The closest I ever got to a proper vaginal exam was when my friend offered to take me to get a bikini wax. It was the first time I had ever gotten one, and with little hesitation, I said yes. There was something anodyne about allowing a wax technician to see my vagina versus a doctor. In both cases, a stranger sees my patty wagon (it’s scientific, you guys), but only a doctor has the authority to look under the hood and make me feel humiliated about not taking preventative measures to keep the car running in top condition.

To prepare for the appointment, I took a thorough shower, sandblasting any nooks and crannies that would tip off my waxer that I had never seen a gynecologist. I went into the room, took off my underwear, and lay on the table. I looked intently at the technician’s face as she waxed. I mean, according to Malcolm Gladwell’s 10,000-hour rule, she was practically a gynecologist because of the thousands of vaginas she sees every day. She would know if something looked abnormal.

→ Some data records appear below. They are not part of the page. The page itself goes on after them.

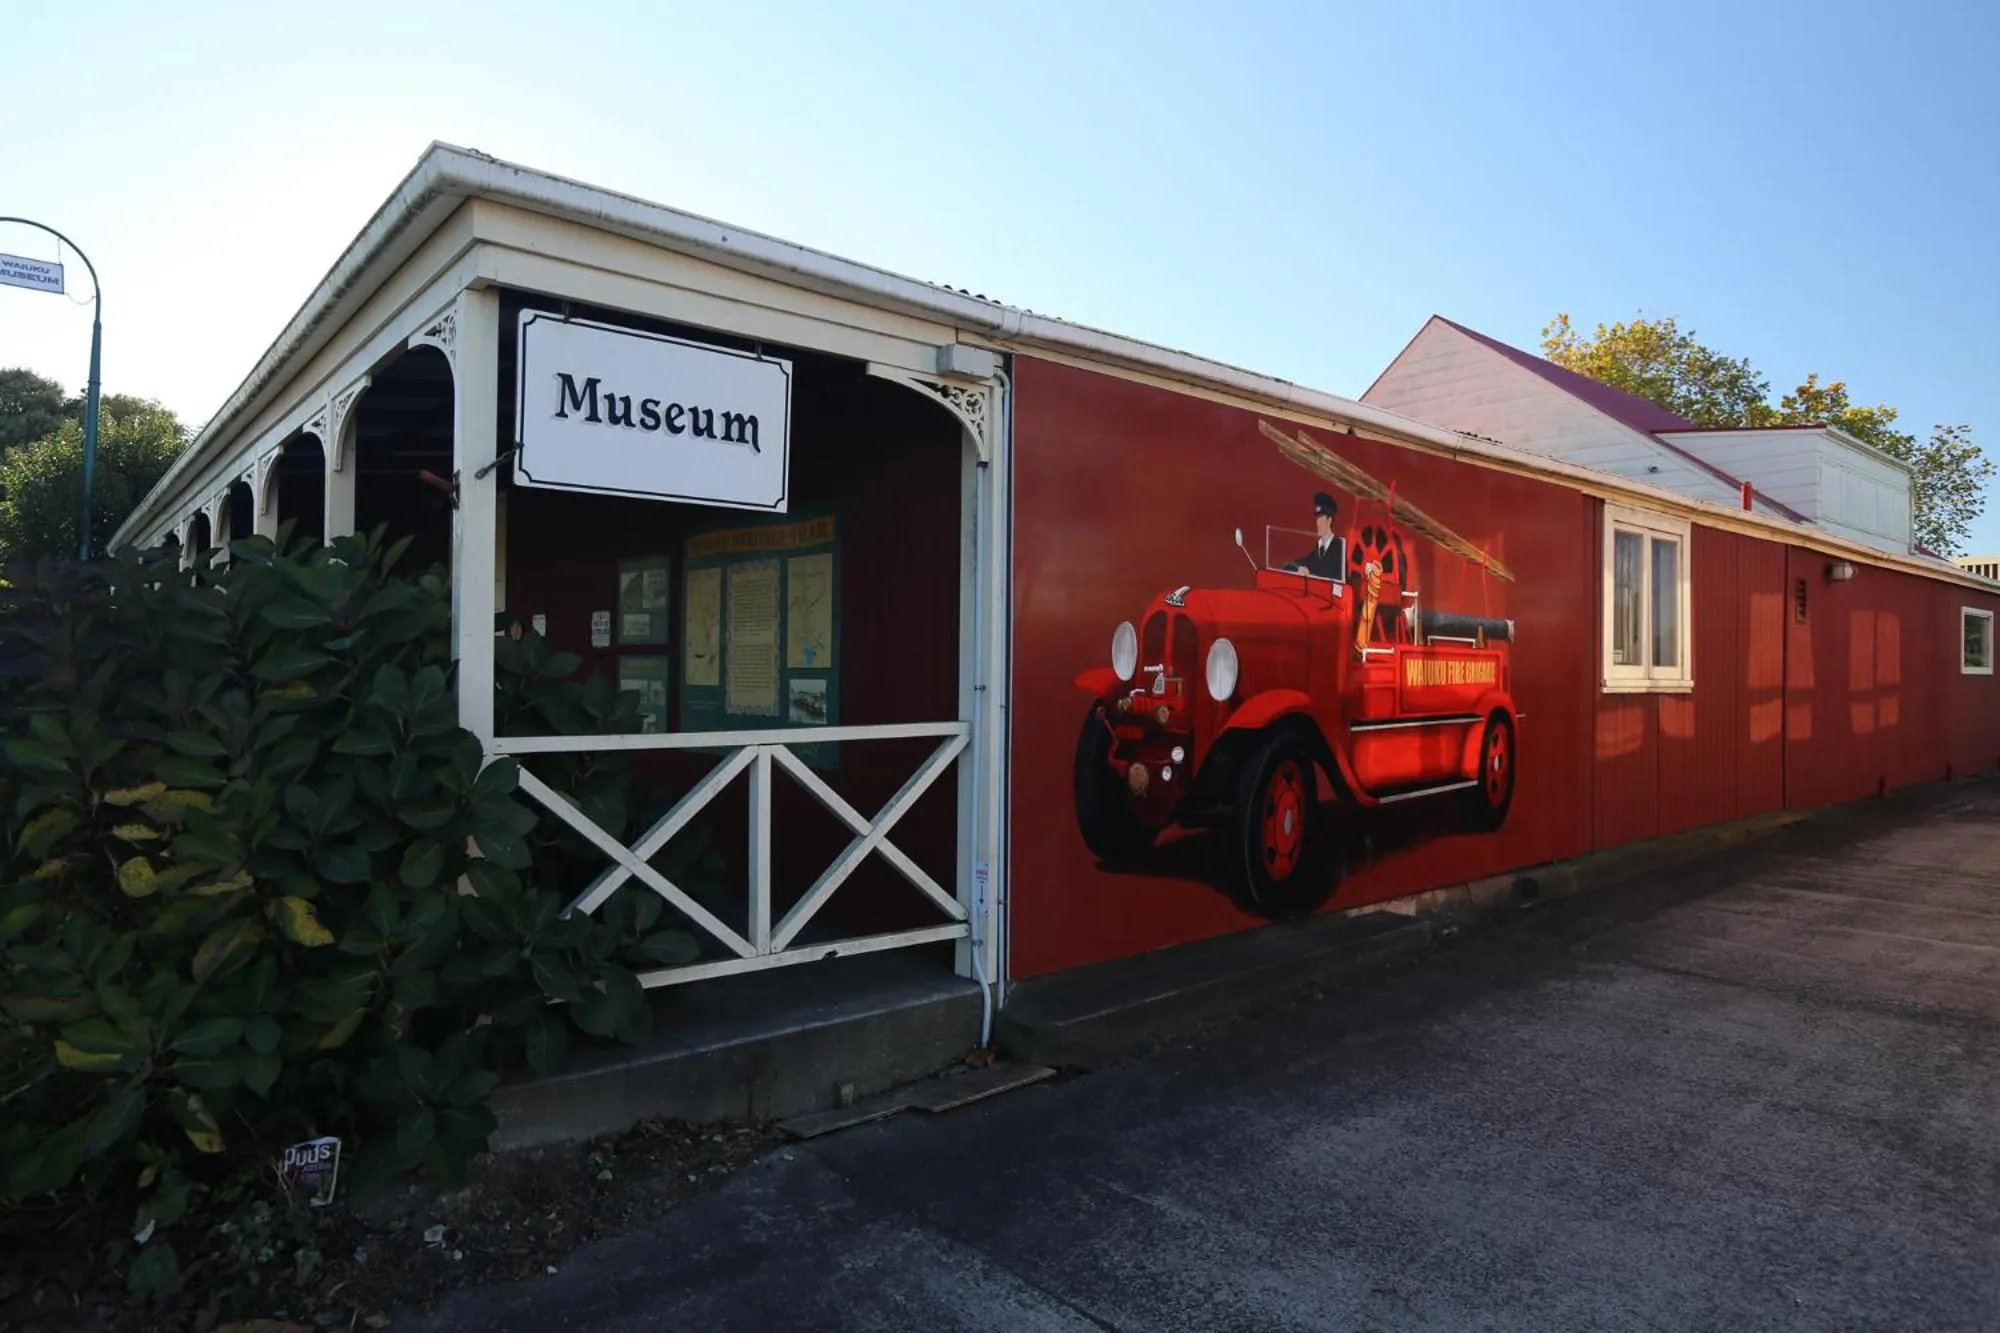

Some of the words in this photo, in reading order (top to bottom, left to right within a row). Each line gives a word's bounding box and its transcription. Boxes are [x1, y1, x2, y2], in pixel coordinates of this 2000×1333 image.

[1, 260, 50, 274] WAIUKU
[555, 372, 761, 453] Museum
[1406, 659, 1446, 686] WAIUKU
[1448, 660, 1465, 684] FIRE
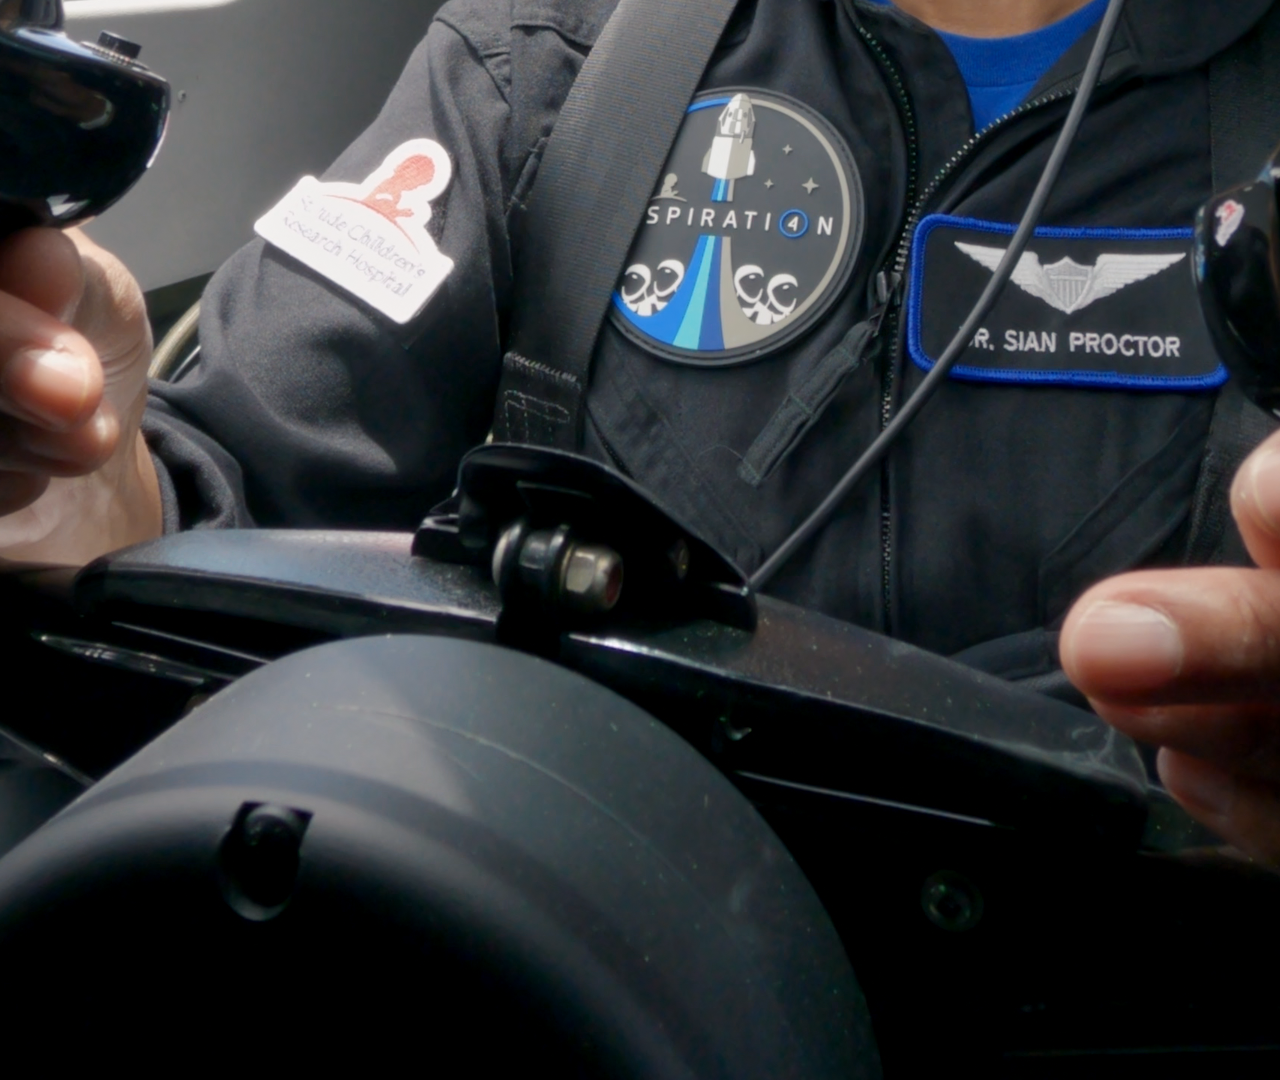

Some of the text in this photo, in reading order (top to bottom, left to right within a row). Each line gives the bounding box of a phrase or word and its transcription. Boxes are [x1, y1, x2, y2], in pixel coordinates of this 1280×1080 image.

[345, 248, 413, 297] Hospital
[966, 327, 1181, 358] R. SIAN PROCTOR

As one technician lathered my birthing bits with oil, another technician came into the room with two Venti Somethings from Starbucks. They looked down at my vagina with furrowed brows, the way a ballistic expert on CSI does when they finally find the piece of evidence to solve the case. I recoiled, held my breath, and tensed all my lips. This was the moment I found out I had cancer, and it was from two petite Asian women sipping ice coffees. Their brows straightened. They spoke quickly in Chinese and then laughed about something else. False alarm.

My resistance to the lady doctor reached its zenith when I got a phone call from my best friend saying they found pre-cancerous cells during her last pap smear, and she had to have a biopsy to make sure it wasn’t something more serious. I cried silently on the phone as she explained the procedure. She insisted I should go to my OBGYN and get checked, just in case. I lied and told her I would. I didn’t sleep that night.

I was concerned for my friend but more so for myself. If she had cancer and went regularly to the doctor, I could easily have it too. I made a promise that I would make an appointment first thing in the morning. If it turned out I did have cancer, I would deal with it with dignity and grace the way Susan Sarandon did in Step Mom.

That morning came, and instead of following through on my promise, I started playing the irrational game in my head again. OK, I rationalized that if she does have cancer, there’s no way that the universe would allow two people with cervical cancer in the same social circle. The world just doesn’t work like that. I mean, there was only one Miranda in Sex in The City. Then I thought if she didn’t have cancer, well, then there’s no need for me to go either. She didn’t have cancer. That was two years ago.

If I’m being honest with myself and my vagina, if I unpack all the feelings of anxiety and shame associated with my genital region, it isn’t society, movies, or school health classes that keep me from seeing the doctor; it is the fear of regret. At thirty, my friends and I are being faced with important adult decisions about careers, life partners, money, and starting families. When I look back on a highlight reel of my roaring twenties, all I see is the time I’ve wasted. And how my life, my career, and my relationships could have been better if I did it all differently.

At this age, I have to put to rest the fantasy that I will be a twenty-something prodigy and that my reckless behavior is actually romantic. The most reckless behavior of all is not seeing the doctor. I’m terrified he or she will find a carnival of disease living inside me, complete with a one-eyed whiskered carney running the herpes tilt-o-whirl. If I avoid the doctor as I have been, I ultimately avoid coming to terms with aging and the things I didn’t accomplish because of my poor choices.

I recently confessed to a co-worker that I had never been to a gynecologist, and I was terrified that I could have cancer. It was the first time I said this out loud, and I immediately became flush with shame. She didn’t judge me or embarrass me like I thought she would. She smiled and said she understood. She gave me the number of her gynecologist and assured me that the doctor was very gentle. She said to trust her and that she would go with me if I wanted. I have the post-it sitting on my desk, and I’m mustering up the courage to make an appointment.